In what direction should the nurse pull the pinna of the adult when taking a tympanic temperature?

Figure 2.4: Tympanic thermometer

Technique

Remove the tympanic thermometer from the casing and place a probe cover (from the box) on the thermometer tip without touching the probe cover with your hands. Only touch the edge of the probe cover (if needed), to maintain clean technique. Turn the device on. Ask the client to keep head still. For an adult or older child, gently pull the helix up and back to visualize the ear canal. For an infant or younger child (under 3), gently pull the lobe down. The probe is inserted just inside the opening of the ear. Never force the thermometer into the ear and do not occlude the ear canal (OER #1). Only the tip of the probe is inserted in the opening – this is important to prevent damage to the ear canal. Activate the device; it will beep within a few seconds to signal it is done. Discard the probe cover in the garbage (without touching the cover) and place the device back into the holder. See Figure 2.5 of a tympanic temperature being taken.

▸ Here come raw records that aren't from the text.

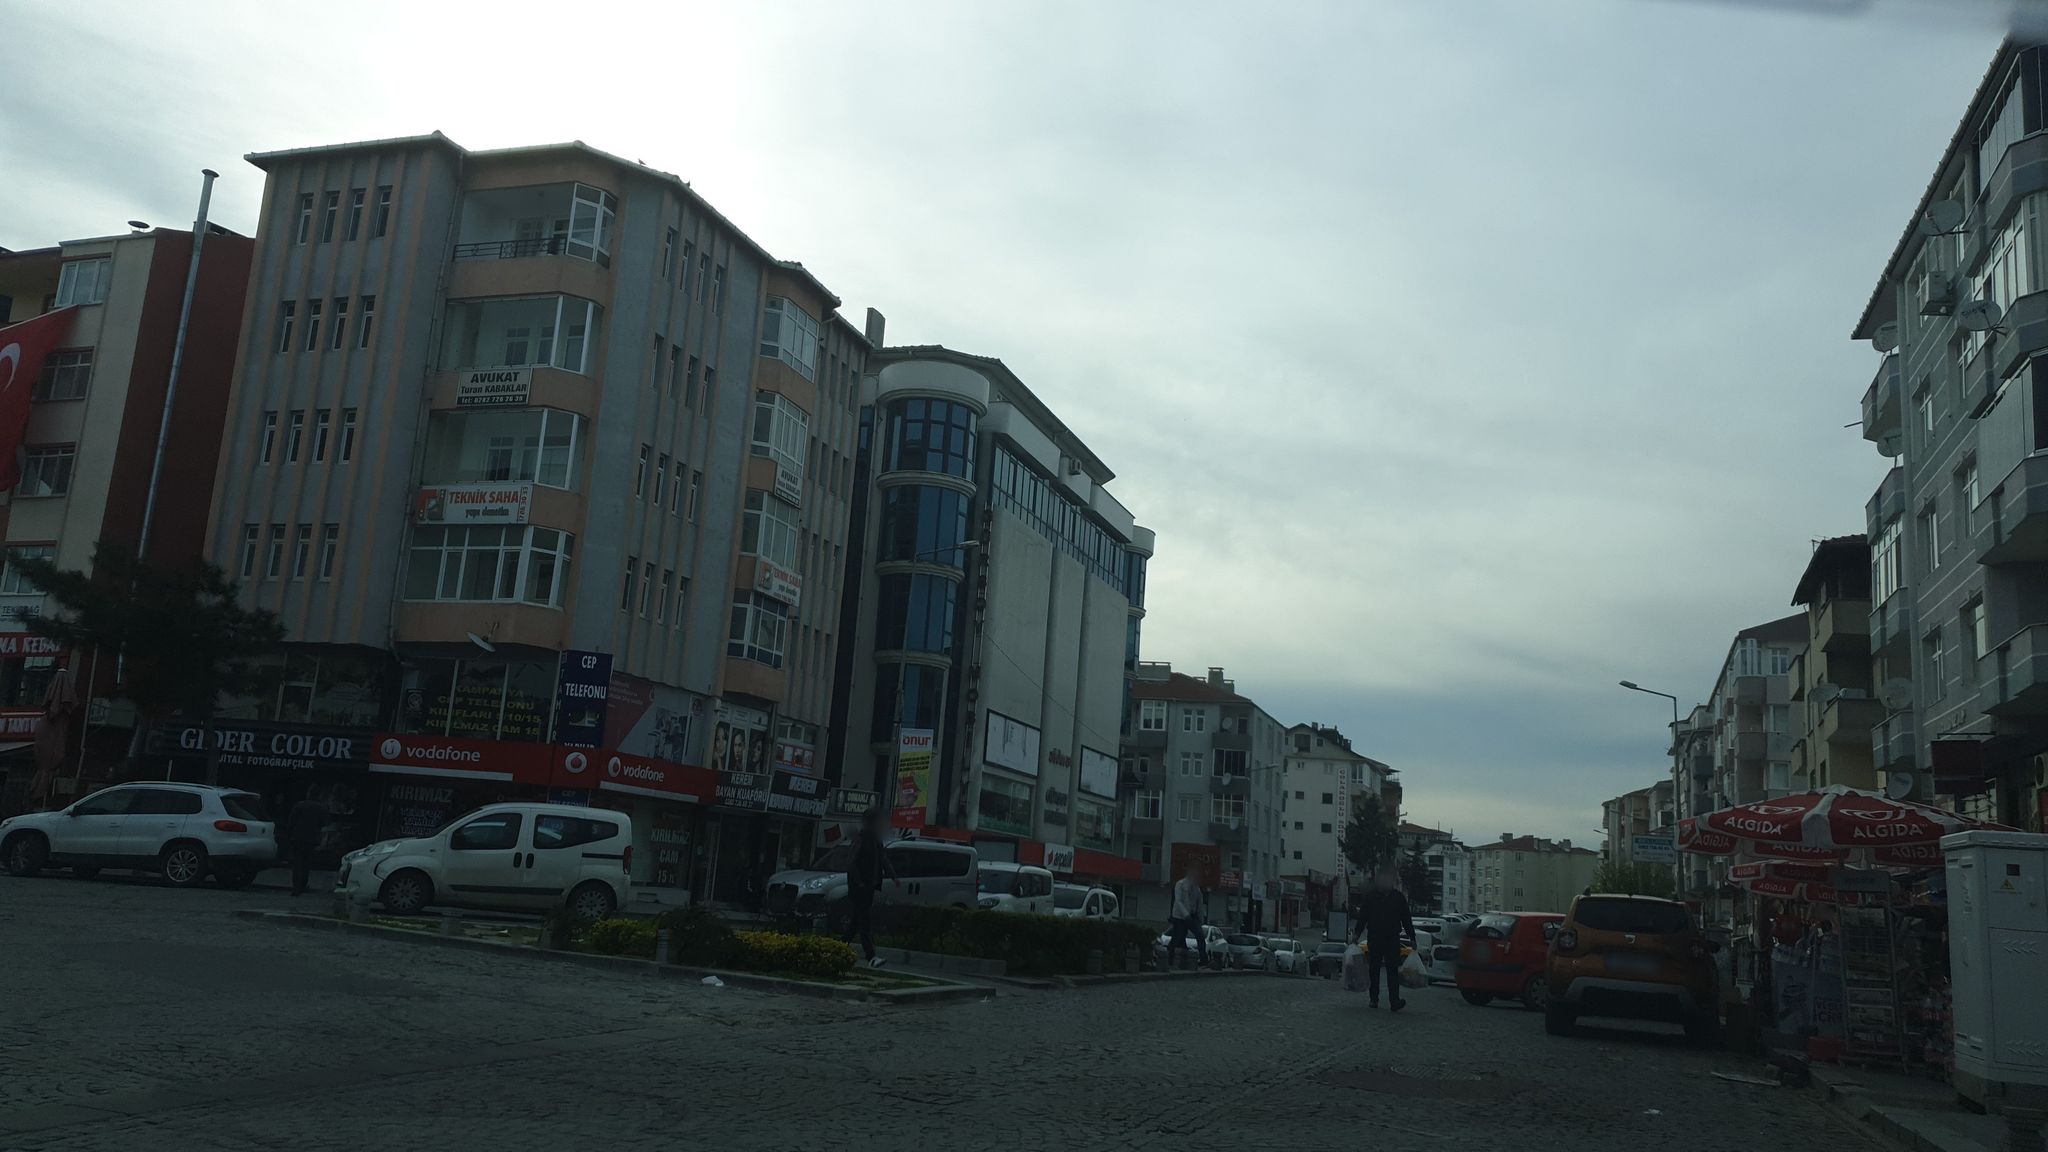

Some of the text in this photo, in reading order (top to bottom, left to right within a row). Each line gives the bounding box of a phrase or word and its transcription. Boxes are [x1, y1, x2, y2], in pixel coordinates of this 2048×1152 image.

[470, 371, 520, 383] AVUKAT
[461, 384, 527, 395] Turan KABAKLAR
[448, 490, 519, 504] TEKNİK SAHA
[581, 656, 597, 669] CEP
[565, 682, 607, 699] TELEFONU
[467, 698, 535, 711] TELEONU
[270, 733, 352, 759] COLOR
[406, 745, 481, 762] vodafone
[623, 764, 664, 783] vodafone
[715, 784, 736, 799] BAYAN
[1724, 816, 1783, 835] ALGIDA
[1852, 824, 1922, 839] ALGIDA
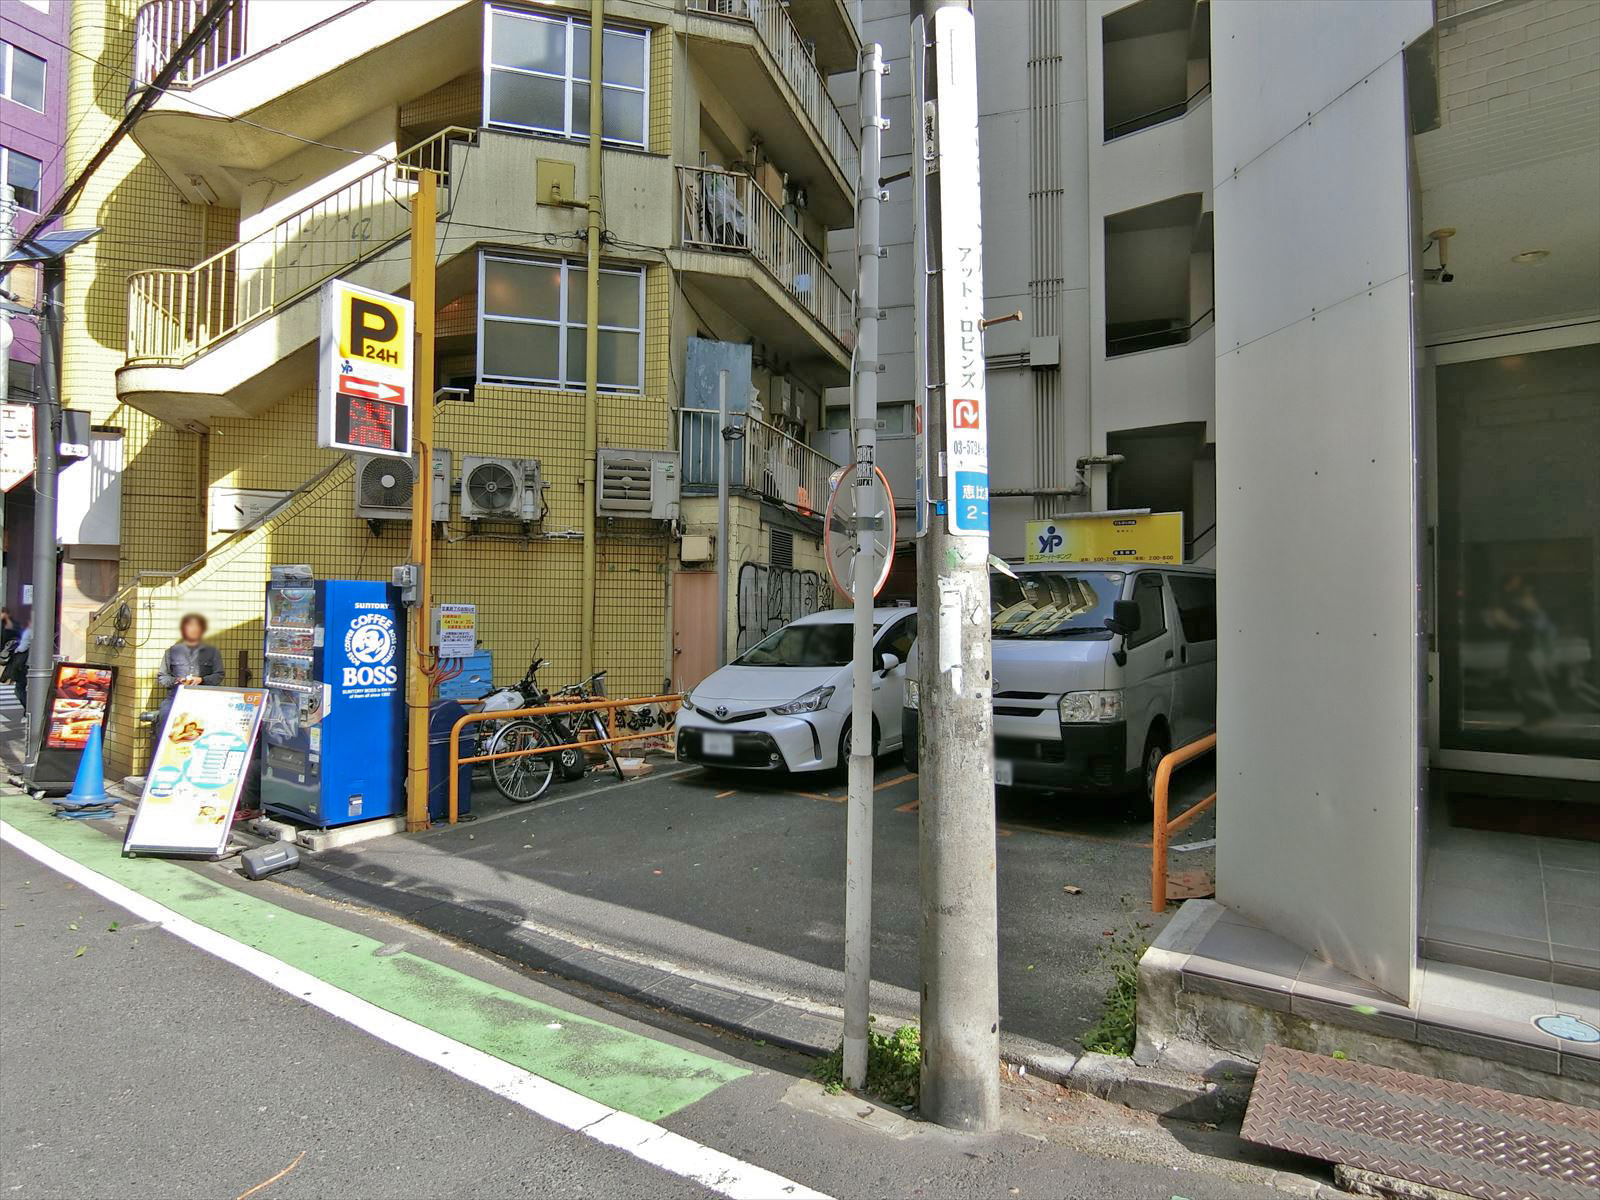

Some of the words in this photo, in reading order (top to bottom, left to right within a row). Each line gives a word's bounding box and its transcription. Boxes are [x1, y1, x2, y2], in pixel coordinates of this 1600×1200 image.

[350, 297, 398, 357] P
[957, 245, 976, 390] アット・ロビンズ
[365, 344, 398, 364] 24H
[351, 614, 393, 630] COFFEE
[342, 665, 398, 687] BOSS
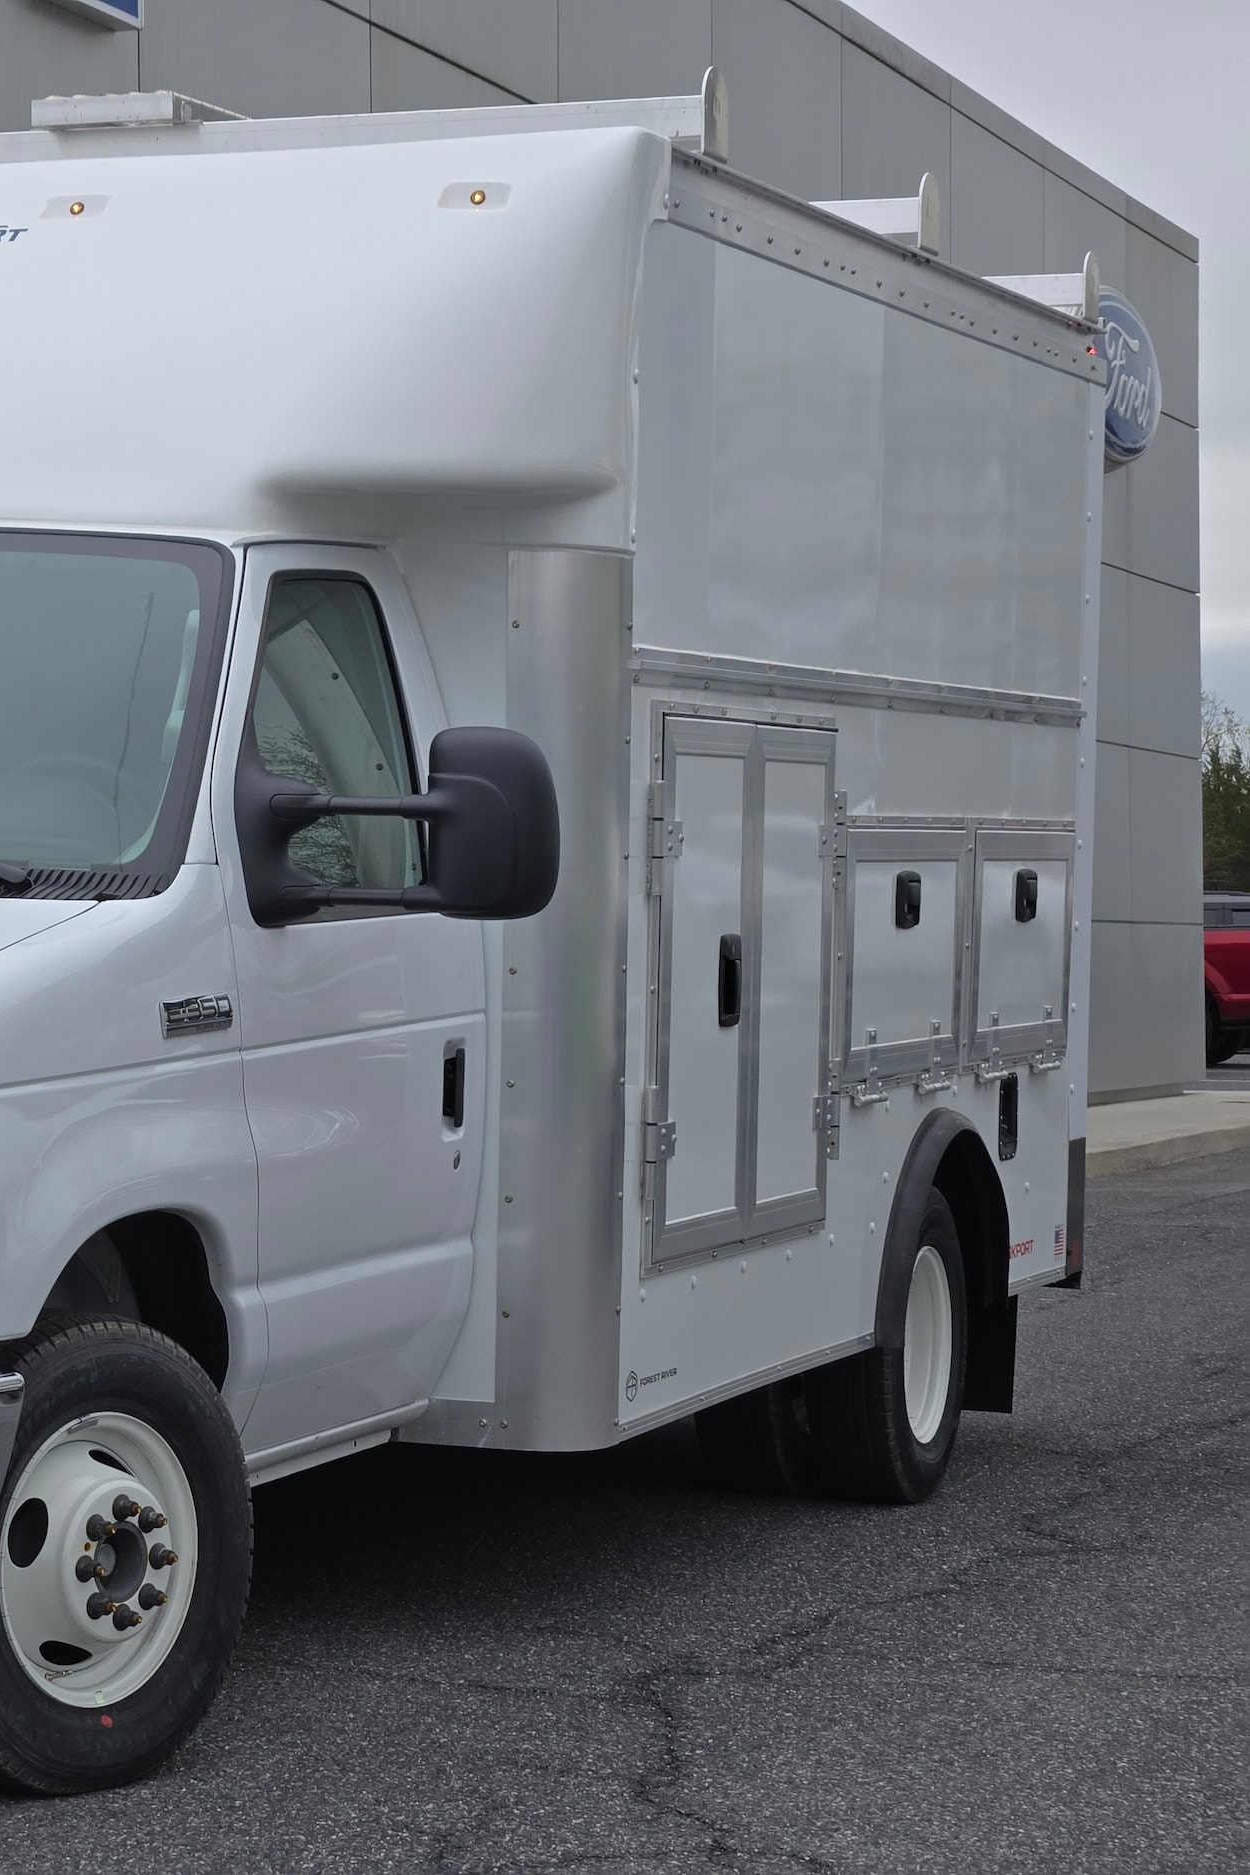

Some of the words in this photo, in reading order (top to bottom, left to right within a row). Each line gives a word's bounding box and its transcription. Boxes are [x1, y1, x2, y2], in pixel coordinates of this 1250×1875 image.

In what direction should the nurse pull the pinna of the adult when taking a tympanic temperature?

Figure 2.5: Tympanic temperature being taken

What should the healthcare provider consider?

The tympanic temperature method is a quick and minimally invasive way to take temperature. Although research has proven the accuracy of this method, some pediatric institutions prefer the accuracy of the rectal temperature. The Canadian Pediatric Society found equal evidence for and against the use of tympanic temperature route (Leduc & Woods, 2017). It concluded that tympanic temperature is one option for use with children, but suggested using rectal temperature for children younger than two, particularly when accuracy is vital. The tympanic temperature is not measured when a client has a suspected ear infection. It is important to check your agency policy regarding tympanic temperature.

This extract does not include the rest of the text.